## AVAILABLE DATA:

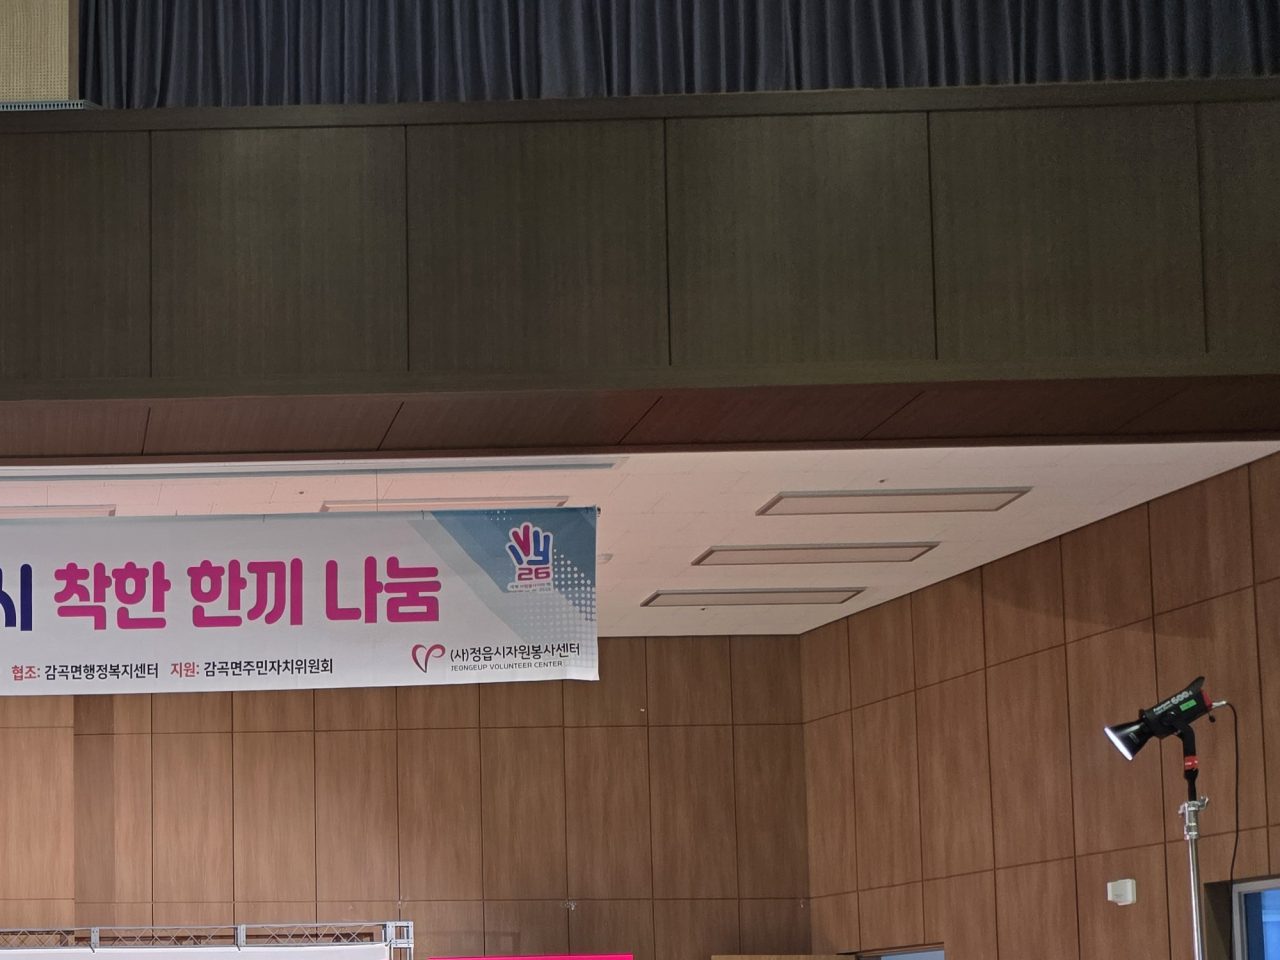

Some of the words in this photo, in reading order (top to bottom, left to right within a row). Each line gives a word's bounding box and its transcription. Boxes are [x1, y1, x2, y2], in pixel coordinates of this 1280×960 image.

[518, 566, 550, 581] 26
[54, 561, 171, 630] 착한
[187, 558, 303, 628] 한끼
[325, 556, 442, 624] 나눔
[450, 642, 580, 662] (사)정읍시자원봉사센터
[11, 664, 40, 681] 협조:
[44, 663, 159, 680] 감곡면행정복지센터
[170, 661, 200, 678] 지원:
[203, 658, 333, 677] 감곡면주민자치위원회
[451, 664, 487, 672] JEONGEUP
[490, 662, 532, 671] VOLUNTEER
[534, 661, 563, 669] CENTER

## ASSIGNED TASK:
Set down the full listing above with its wording unchanged. Leave out its images.

## ANSWER FOR THE TASK:
Some of the words in this photo, in reading order (top to bottom, left to right within a row). Each line gives a word's bounding box and its transcription. Boxes are [x1, y1, x2, y2], in pixel coordinates of this 1280×960 image.

[518, 566, 550, 581] 26
[54, 561, 171, 630] 착한
[187, 558, 303, 628] 한끼
[325, 556, 442, 624] 나눔
[450, 642, 580, 662] (사)정읍시자원봉사센터
[11, 664, 40, 681] 협조:
[44, 663, 159, 680] 감곡면행정복지센터
[170, 661, 200, 678] 지원:
[203, 658, 333, 677] 감곡면주민자치위원회
[451, 664, 487, 672] JEONGEUP
[490, 662, 532, 671] VOLUNTEER
[534, 661, 563, 669] CENTER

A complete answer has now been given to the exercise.